The Mind Body Effect by Herbert Benson

The Mind Body Effect by Herbert Benson

Author:Herbert Benson
Language: eng
Format: epub
Publisher: Simon & Schuster
Published: 2019-07-01T16:00:00+00:00


IATROGENESIS

Iatrogenic, from the Greek words iatros (physician) and gennan (to produce), may be defined as resulting from the actions of physicians. Originally the term referred to disorders induced in the patient as a result of the physician’s examination, manner or discussion. That is, iatrogenic ailments were those precipitated by a physician who was not sufficiently aware of his patient’s anxiety or of the effects of his words and actions upon the patient. The word iatrogenic is now applied to any adverse condition or illness which is engendered by the physician. Indeed, for centuries the physician’s power to harm has been recognized. Latham was aware of this potential when he said: “Among the perils of disease we must not refuse to reckon the errors of physicians.”

The frequency of iatrogenic disease in modern medicine is substantially increasing. The number of drugs and procedures, both diagnostic and therapeutic, utilized by the medical profession has increased substantially. As has been discussed, this proliferation has had many magnificent consequences. Millions of lives have been saved or prolonged, and those with incurable diseases have been made much more comfortable. We can no longer state, as did Dr. Oliver Wendell Holmes, the physician and man of letters, in 1860: “Throw out opium… throw out a few specifics which our art did not discover… throw out wine… I firmly believe that if the whole materia medica, as now used, could be sunk to the bottom of the sea it would be all the better for mankind,—and all the worse for the fishes.” Unfortunately, the recent contributions of medicine have been coupled with great increases in the number of adverse complications directly attributable to drugs and diagnostic and therapeutic procedures. The potent drugs and effective equipment used today possess a far greater potentiality to harm. The iatrogenic reactions, as noted by Dr. J. F. Gwynne of the University of Otago in New Zealand, “[vary] in severity from the trivial and transient to the irreversible and fatal.” Discretion must be exercised in drug usage to avoid possible dangers.

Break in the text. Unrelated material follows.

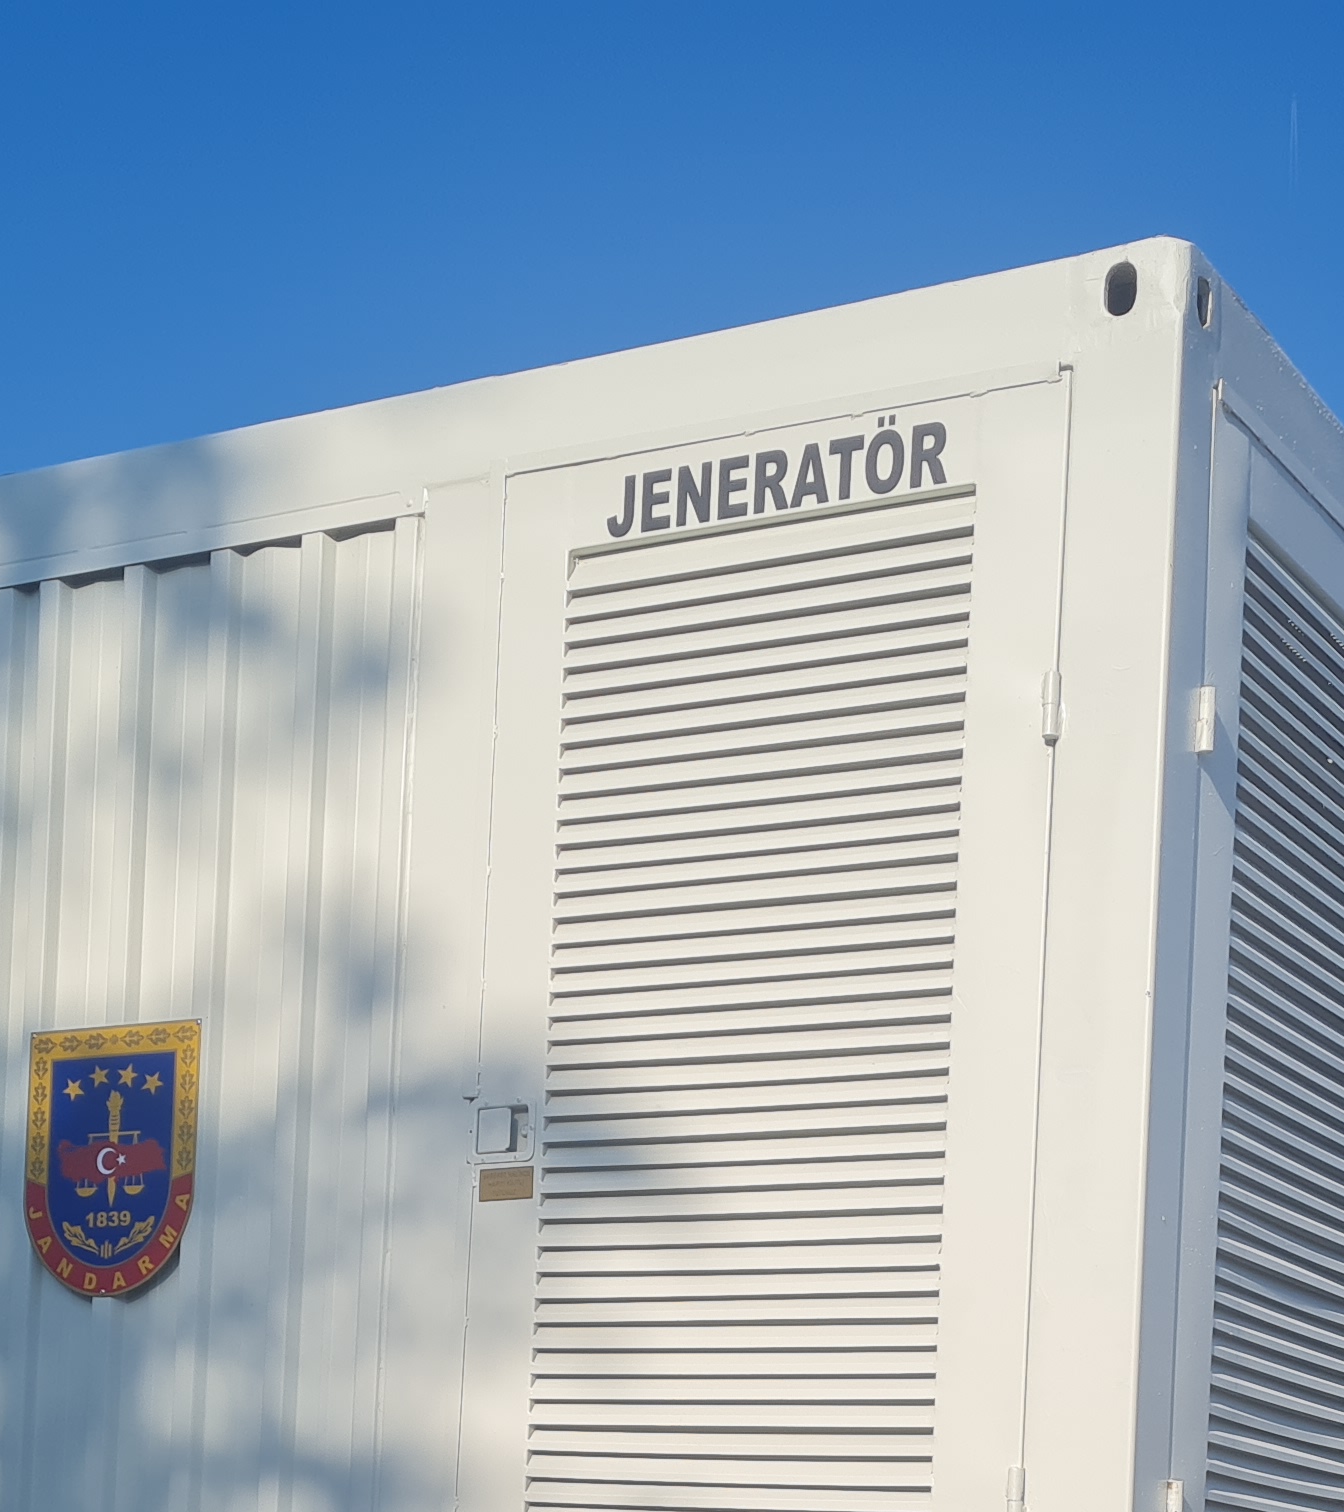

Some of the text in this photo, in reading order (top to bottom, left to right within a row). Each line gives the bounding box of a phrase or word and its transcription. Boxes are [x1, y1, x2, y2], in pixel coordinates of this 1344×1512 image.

Whereas historically the surgeon was largely responsible for the majority of the iatrogenic complications, the medical doctor prescribing drugs has recently become the main perpetrator of iatrogenic death and disease. Today the most common iatrogenic occurrences are those resulting from the use of drugs. We are in the midst of a “pharmacologic revolution,” a “chemical age,” or a state of affairs called “polypharmacy.” In the 1978 Physicians’ Desk Reference (PDR), the most commonly used source of drug information, there are over 1200 different generic drugs listed. There are over 5000 brand names by which these generic drugs are marketed.

Iatrogenic reactions leading to death, especially those related to drugs, have reached alarming proportions. In a report published in 1975, Dr. Nelson S. Irey of the Armed Forces Institute of Pathology estimated that between 6000 and 12,000 deaths occur annually in the United States from adverse drug reactions. The tragedy of this situation is that many of these deaths are unnecessary, since we are overusing drugs.